The Grrls Are Back in Town

Today, Temple Law School hosts the annual Junior International Law Scholars' (JILS)conference. Created several years ago by Rosa Ehrenreich Brooks and Tim Wu, JILS aims to establish a safe space for its members, pre-tenure and recently tenured international law scholars, to present and receive feedback on works-in-progress, as well as to ensure friendly dialogue between scholars with differing perspectives on the international law project. Today's workshop, organized by IntLawGrrls guest blogger Chimène Keitner (right) and David Zaring, and hosted by yours truly, will also be something of an IntLawGrrls reunion.
There's lots of good stuff on the agenda, including IntLawGrrl Karen Bravo's (left) paper Transborder Labor Liberalization: A Path to Enforcement of the Global Social Contract for Labor?, in which she argues from an economic as well as a human rights perspective that free movement of labor is appropriate and necessary in our globalized economy. We also have IntLawGrrl Hari Osofsky (below right) presenting her work-in-progress, Diagonal Climate Regulation: Implications for the Obama Administration, in which she examines the potential approaches the new administration could take to enforcing environmental regulations and presents a path forward aimed at integrating entities at different levels of government, thereby creating cross-cutting synergies; IntLawGrrl Rebecca Bratspies will comment.

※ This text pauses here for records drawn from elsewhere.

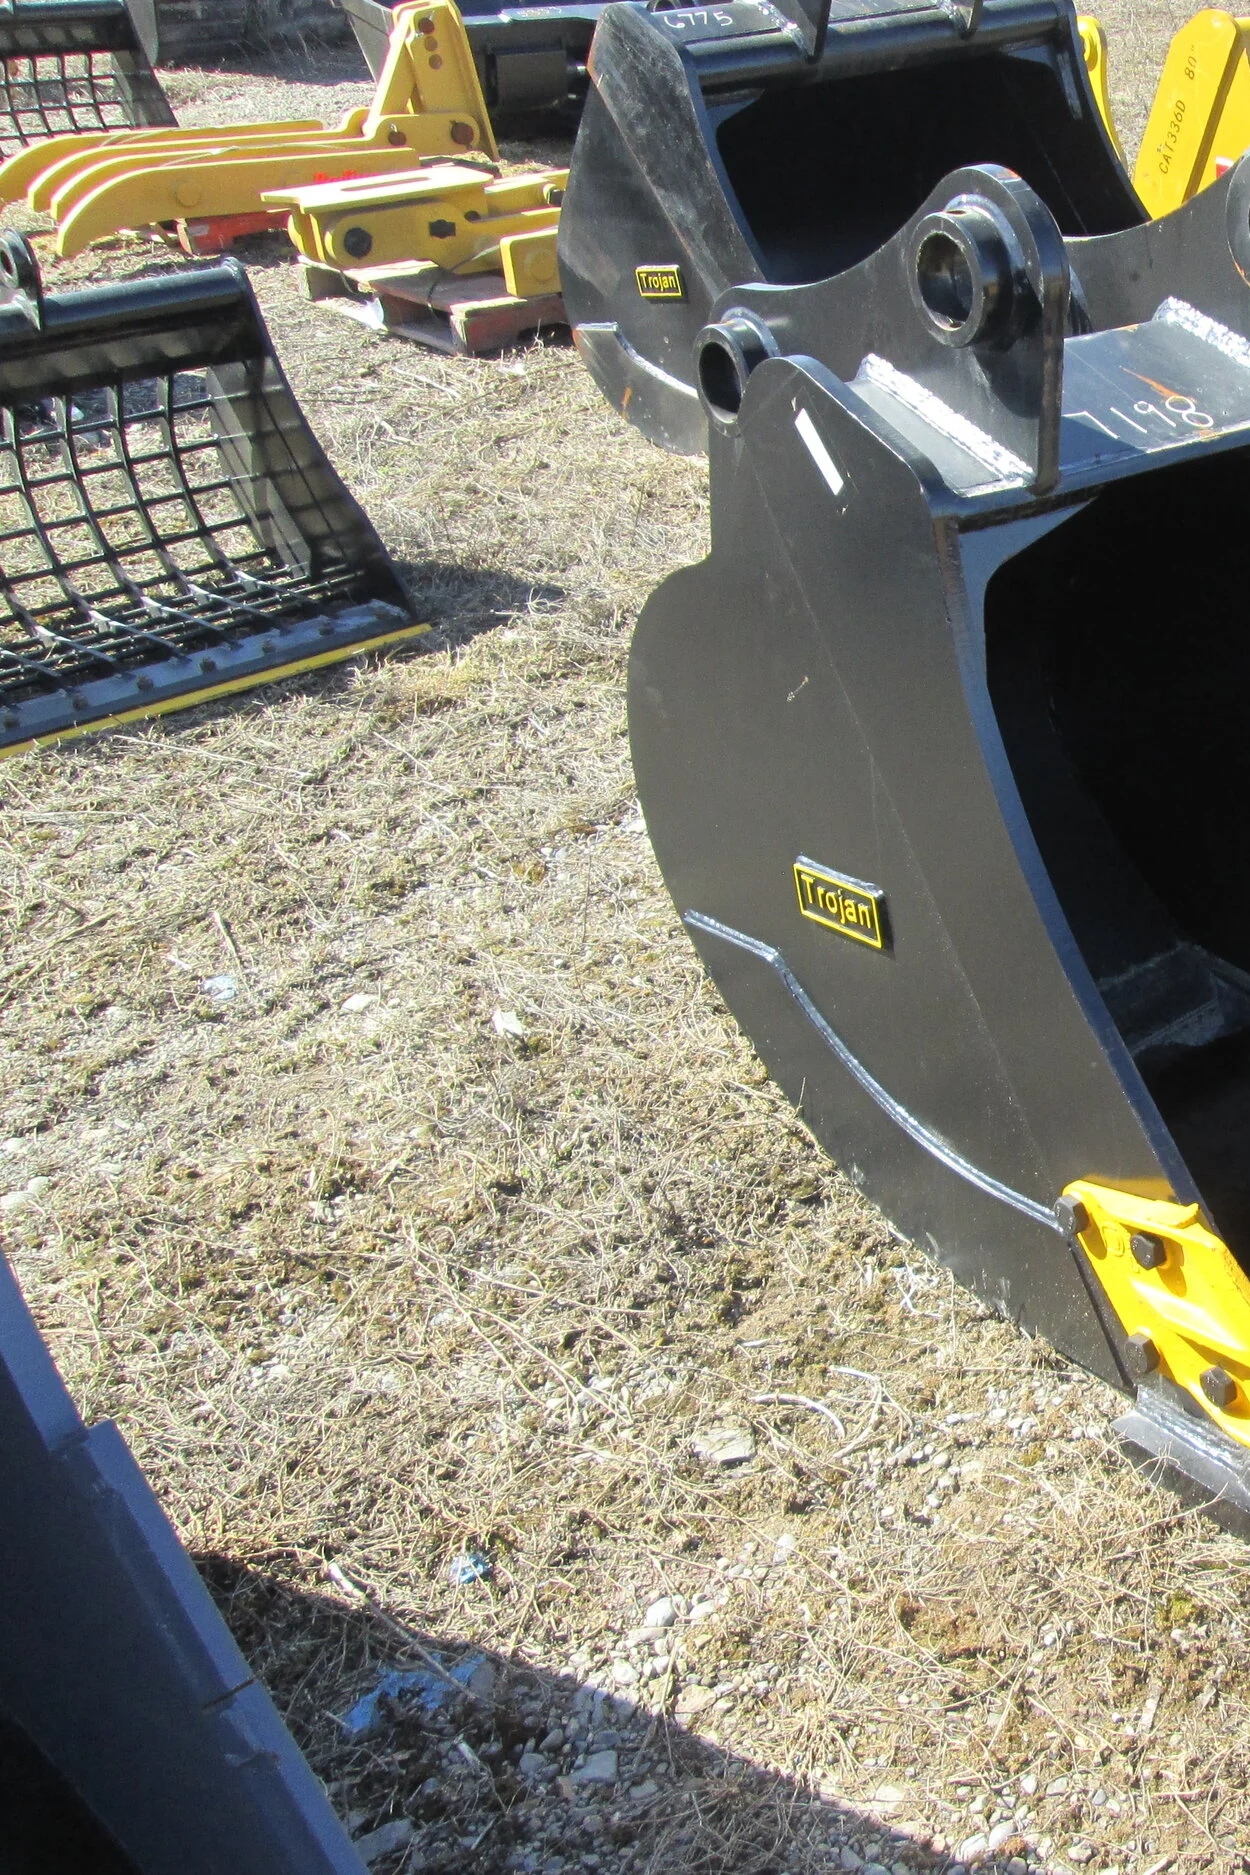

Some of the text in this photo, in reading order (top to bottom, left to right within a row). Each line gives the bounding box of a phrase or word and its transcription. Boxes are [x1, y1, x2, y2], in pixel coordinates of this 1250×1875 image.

[664, 11, 733, 29] 6775
[1158, 99, 1186, 175] CAT336D
[639, 272, 676, 292] Trojan
[1061, 395, 1214, 440] 7198
[800, 873, 871, 929] Trojan
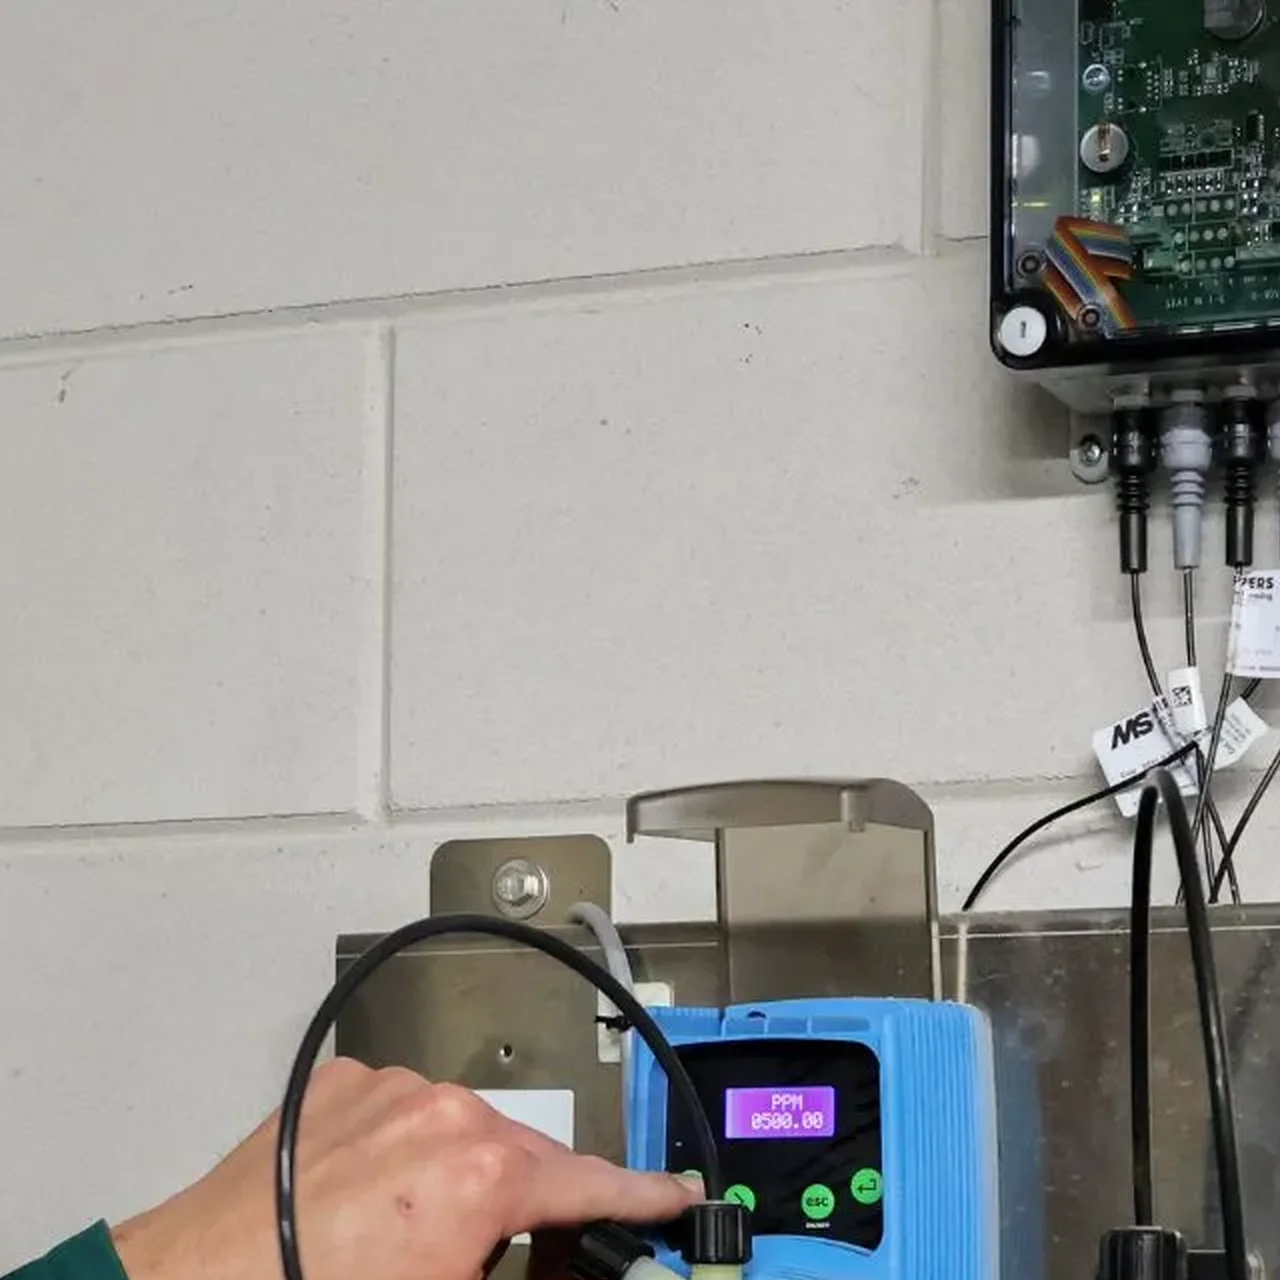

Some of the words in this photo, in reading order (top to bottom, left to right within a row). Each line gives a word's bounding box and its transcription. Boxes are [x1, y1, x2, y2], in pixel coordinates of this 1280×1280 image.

[771, 1094, 803, 1111] PPM
[751, 1112, 823, 1130] 0500.00
[806, 1196, 829, 1207] esc
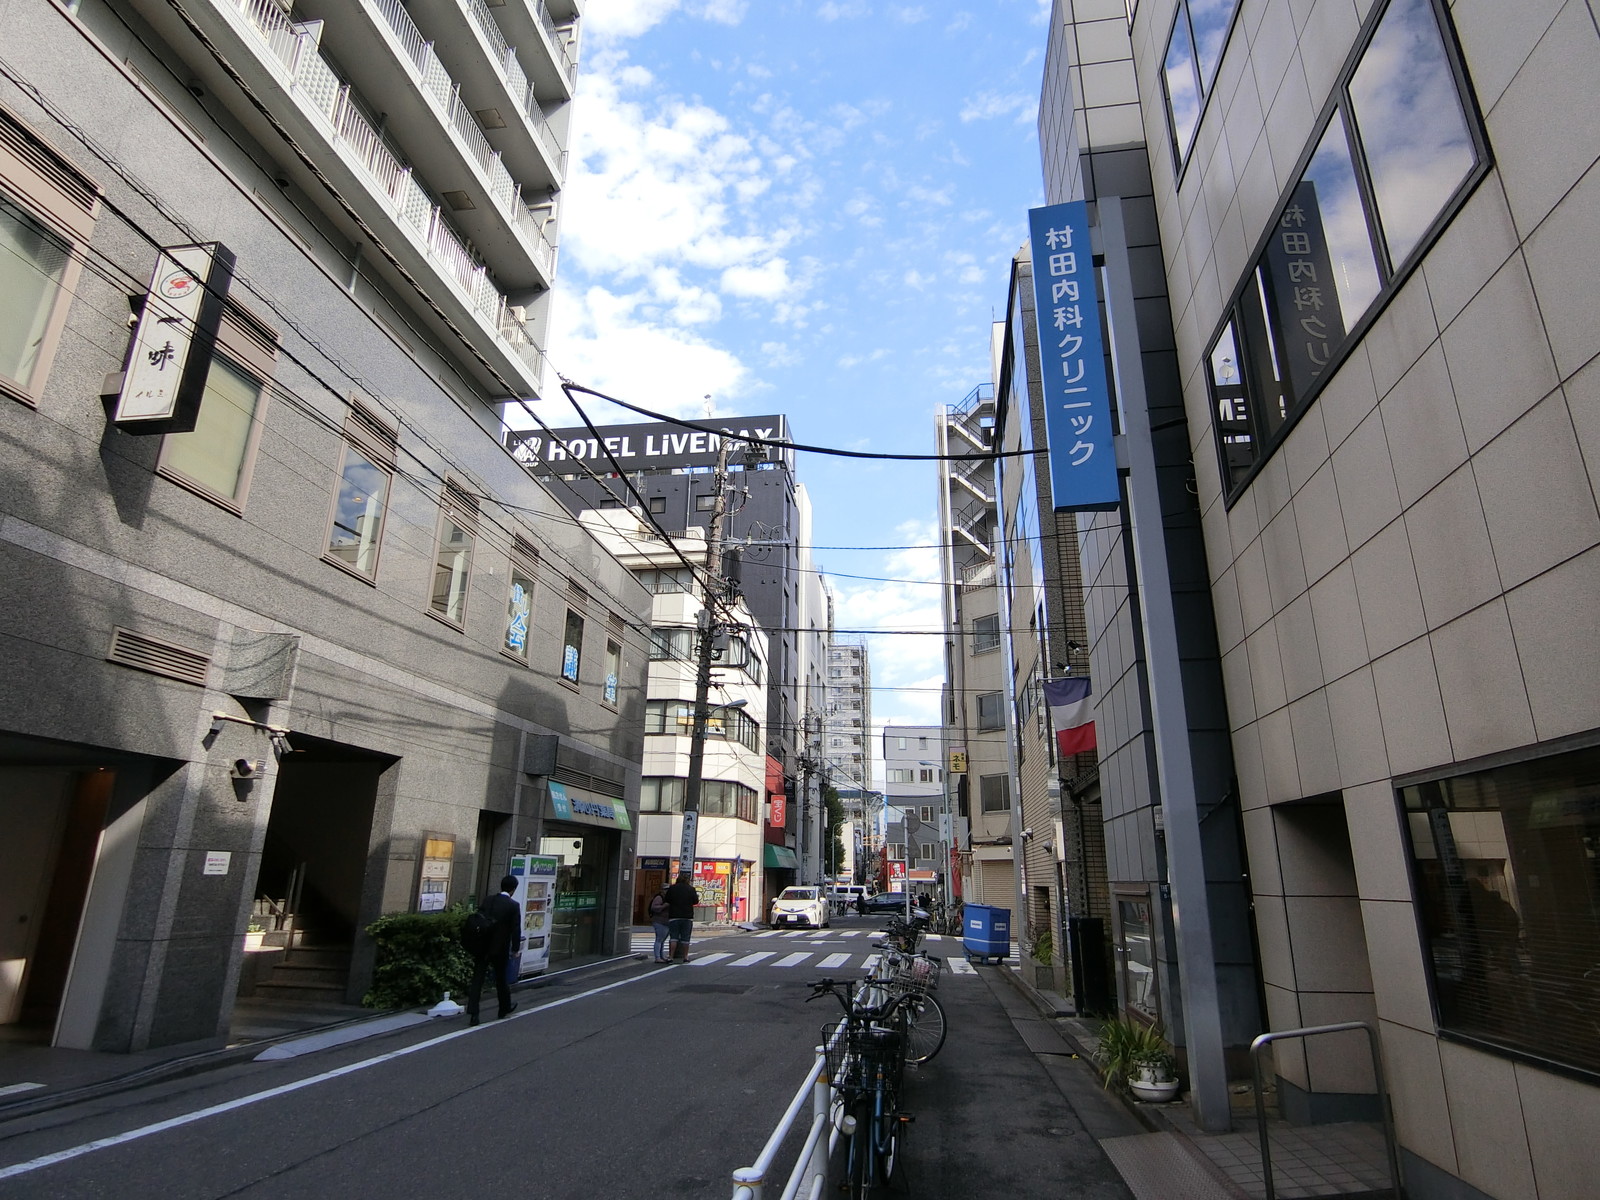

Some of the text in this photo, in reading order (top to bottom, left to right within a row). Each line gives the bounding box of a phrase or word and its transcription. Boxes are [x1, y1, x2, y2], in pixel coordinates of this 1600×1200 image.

[148, 316, 183, 371] 一味
[1045, 225, 1094, 467] 村田内科クリニック
[548, 436, 636, 461] HOTEL
[774, 800, 783, 823] 宝くじ
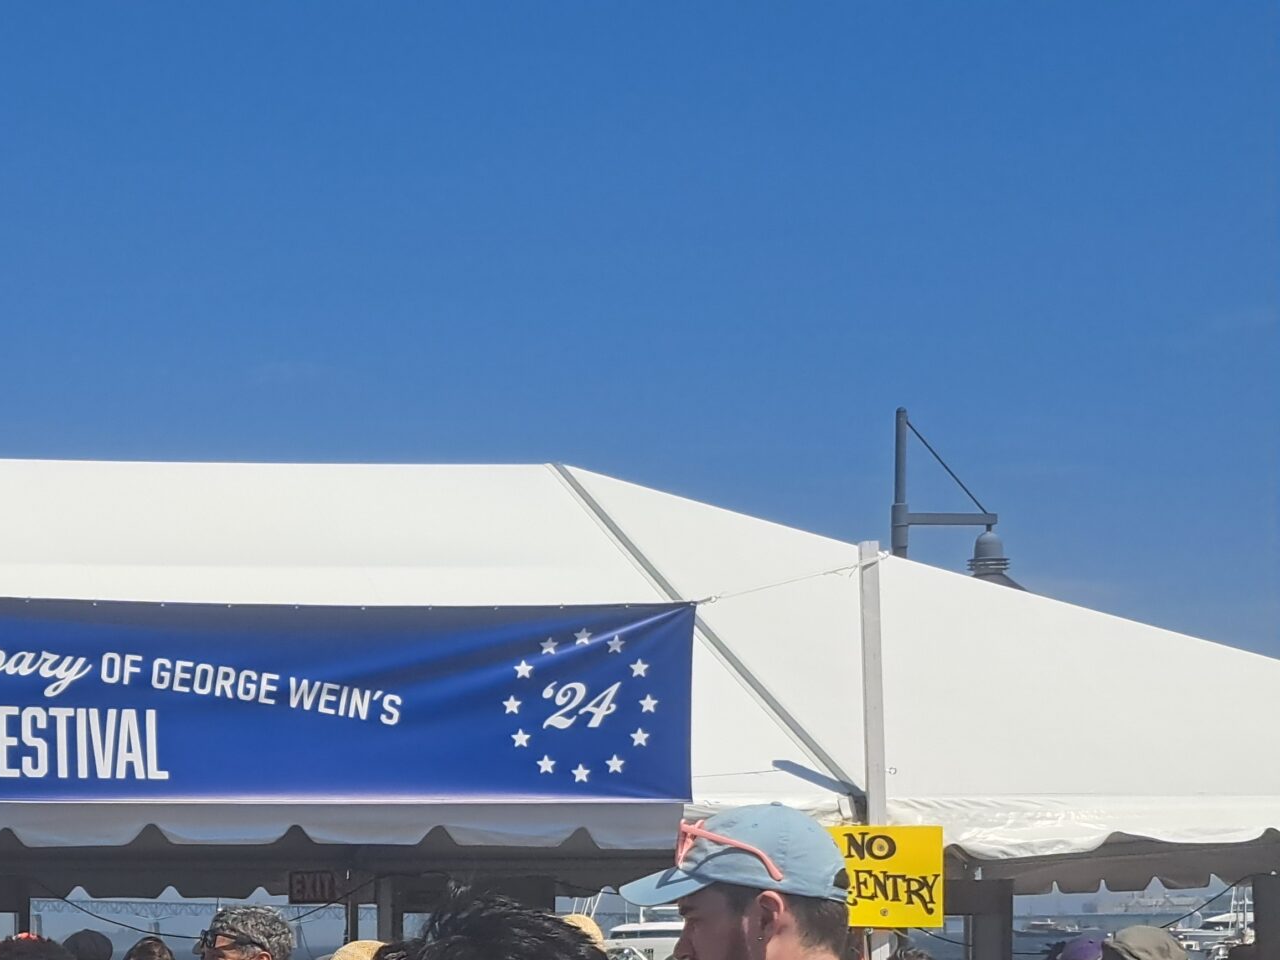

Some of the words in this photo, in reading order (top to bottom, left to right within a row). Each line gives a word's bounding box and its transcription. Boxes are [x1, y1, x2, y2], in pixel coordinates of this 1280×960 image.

[101, 653, 143, 685] OF
[151, 658, 280, 705] GEORGE
[290, 677, 402, 726] WEIN'S
[842, 831, 897, 861] NO
[847, 869, 941, 915] ENTRY

I will also discuss my current paper, Resolving Dueling Legitimacies: Buying Into Transitional Justice Mechanisms, which critically examines currently favored transitional justice mechanisms and suggests a new approach that emphasizes the needs and interests of societies afflicted by mass violence; IntLawGrrl guest blogger Meg DeGuzman will comment. Finally, IntLawGrrl guest blogger Jenia Iontcheva Turner (left) will present an early stage work-in-progress on ethical issues faced by international criminal defense lawyers, and how professional responsibility should be regulated in internationalized criminal courts. And of course, there are plenty of other interesting papers on topics as varied as the right to property in international law, federalism and foreign affairs, and comparative employment discrimination law. Wish you were here!